(Beginning of INFORMATION GIVEN)

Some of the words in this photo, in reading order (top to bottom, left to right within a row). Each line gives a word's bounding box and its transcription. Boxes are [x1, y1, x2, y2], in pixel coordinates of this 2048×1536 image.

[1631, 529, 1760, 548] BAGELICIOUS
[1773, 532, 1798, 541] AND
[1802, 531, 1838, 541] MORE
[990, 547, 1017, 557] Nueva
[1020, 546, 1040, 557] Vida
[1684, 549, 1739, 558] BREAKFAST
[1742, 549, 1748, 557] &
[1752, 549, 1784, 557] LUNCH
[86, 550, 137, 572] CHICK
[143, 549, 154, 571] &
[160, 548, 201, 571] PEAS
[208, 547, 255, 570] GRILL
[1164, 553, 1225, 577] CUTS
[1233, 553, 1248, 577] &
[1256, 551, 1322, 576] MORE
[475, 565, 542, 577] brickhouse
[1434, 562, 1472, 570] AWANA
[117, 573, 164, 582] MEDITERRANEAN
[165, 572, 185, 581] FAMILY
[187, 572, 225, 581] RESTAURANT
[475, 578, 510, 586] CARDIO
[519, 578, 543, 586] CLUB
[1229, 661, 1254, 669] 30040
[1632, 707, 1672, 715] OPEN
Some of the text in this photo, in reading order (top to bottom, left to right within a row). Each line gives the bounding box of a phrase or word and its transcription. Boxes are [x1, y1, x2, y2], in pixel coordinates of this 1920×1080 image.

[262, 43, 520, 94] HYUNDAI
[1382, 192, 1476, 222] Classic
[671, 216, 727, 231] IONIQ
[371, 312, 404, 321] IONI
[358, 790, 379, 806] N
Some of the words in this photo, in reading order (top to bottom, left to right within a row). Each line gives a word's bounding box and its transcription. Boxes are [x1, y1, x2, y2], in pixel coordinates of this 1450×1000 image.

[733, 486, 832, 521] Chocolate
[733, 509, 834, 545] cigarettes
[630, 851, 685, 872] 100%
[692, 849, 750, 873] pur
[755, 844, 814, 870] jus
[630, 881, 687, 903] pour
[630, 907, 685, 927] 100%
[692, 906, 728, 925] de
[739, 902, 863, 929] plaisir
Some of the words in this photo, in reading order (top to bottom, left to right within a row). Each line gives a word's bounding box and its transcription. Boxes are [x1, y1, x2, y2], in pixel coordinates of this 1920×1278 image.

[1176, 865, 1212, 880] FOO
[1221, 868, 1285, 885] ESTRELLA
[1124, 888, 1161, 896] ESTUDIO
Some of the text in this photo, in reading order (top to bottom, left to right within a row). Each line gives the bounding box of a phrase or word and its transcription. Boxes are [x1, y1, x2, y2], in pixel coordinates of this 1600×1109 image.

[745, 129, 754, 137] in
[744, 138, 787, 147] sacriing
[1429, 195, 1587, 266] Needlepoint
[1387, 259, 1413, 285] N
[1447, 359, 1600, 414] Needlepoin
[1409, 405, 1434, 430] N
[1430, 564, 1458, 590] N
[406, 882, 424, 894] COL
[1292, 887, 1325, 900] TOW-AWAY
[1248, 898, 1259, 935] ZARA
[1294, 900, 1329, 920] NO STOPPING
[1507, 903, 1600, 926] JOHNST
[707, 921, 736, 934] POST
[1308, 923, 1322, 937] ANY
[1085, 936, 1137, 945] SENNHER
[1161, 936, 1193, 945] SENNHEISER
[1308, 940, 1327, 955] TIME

(End of INFORMATION GIVEN)

§ **PROBLEM**: Repeat all the data, every line exactly.

§ **SOLUTION**:
Some of the words in this photo, in reading order (top to bottom, left to right within a row). Each line gives a word's bounding box and its transcription. Boxes are [x1, y1, x2, y2], in pixel coordinates of this 2048×1536 image.

[1631, 529, 1760, 548] BAGELICIOUS
[1773, 532, 1798, 541] AND
[1802, 531, 1838, 541] MORE
[990, 547, 1017, 557] Nueva
[1020, 546, 1040, 557] Vida
[1684, 549, 1739, 558] BREAKFAST
[1742, 549, 1748, 557] &
[1752, 549, 1784, 557] LUNCH
[86, 550, 137, 572] CHICK
[143, 549, 154, 571] &
[160, 548, 201, 571] PEAS
[208, 547, 255, 570] GRILL
[1164, 553, 1225, 577] CUTS
[1233, 553, 1248, 577] &
[1256, 551, 1322, 576] MORE
[475, 565, 542, 577] brickhouse
[1434, 562, 1472, 570] AWANA
[117, 573, 164, 582] MEDITERRANEAN
[165, 572, 185, 581] FAMILY
[187, 572, 225, 581] RESTAURANT
[475, 578, 510, 586] CARDIO
[519, 578, 543, 586] CLUB
[1229, 661, 1254, 669] 30040
[1632, 707, 1672, 715] OPEN
Some of the text in this photo, in reading order (top to bottom, left to right within a row). Each line gives the bounding box of a phrase or word and its transcription. Boxes are [x1, y1, x2, y2], in pixel coordinates of this 1920×1080 image.

[262, 43, 520, 94] HYUNDAI
[1382, 192, 1476, 222] Classic
[671, 216, 727, 231] IONIQ
[371, 312, 404, 321] IONI
[358, 790, 379, 806] N
Some of the words in this photo, in reading order (top to bottom, left to right within a row). Each line gives a word's bounding box and its transcription. Boxes are [x1, y1, x2, y2], in pixel coordinates of this 1450×1000 image.

[733, 486, 832, 521] Chocolate
[733, 509, 834, 545] cigarettes
[630, 851, 685, 872] 100%
[692, 849, 750, 873] pur
[755, 844, 814, 870] jus
[630, 881, 687, 903] pour
[630, 907, 685, 927] 100%
[692, 906, 728, 925] de
[739, 902, 863, 929] plaisir
Some of the words in this photo, in reading order (top to bottom, left to right within a row). Each line gives a word's bounding box and its transcription. Boxes are [x1, y1, x2, y2], in pixel coordinates of this 1920×1278 image.

[1176, 865, 1212, 880] FOO
[1221, 868, 1285, 885] ESTRELLA
[1124, 888, 1161, 896] ESTUDIO
Some of the text in this photo, in reading order (top to bottom, left to right within a row). Each line gives the bounding box of a phrase or word and its transcription. Boxes are [x1, y1, x2, y2], in pixel coordinates of this 1600×1109 image.

[745, 129, 754, 137] in
[744, 138, 787, 147] sacriing
[1429, 195, 1587, 266] Needlepoint
[1387, 259, 1413, 285] N
[1447, 359, 1600, 414] Needlepoin
[1409, 405, 1434, 430] N
[1430, 564, 1458, 590] N
[406, 882, 424, 894] COL
[1292, 887, 1325, 900] TOW-AWAY
[1248, 898, 1259, 935] ZARA
[1294, 900, 1329, 920] NO STOPPING
[1507, 903, 1600, 926] JOHNST
[707, 921, 736, 934] POST
[1308, 923, 1322, 937] ANY
[1085, 936, 1137, 945] SENNHER
[1161, 936, 1193, 945] SENNHEISER
[1308, 940, 1327, 955] TIME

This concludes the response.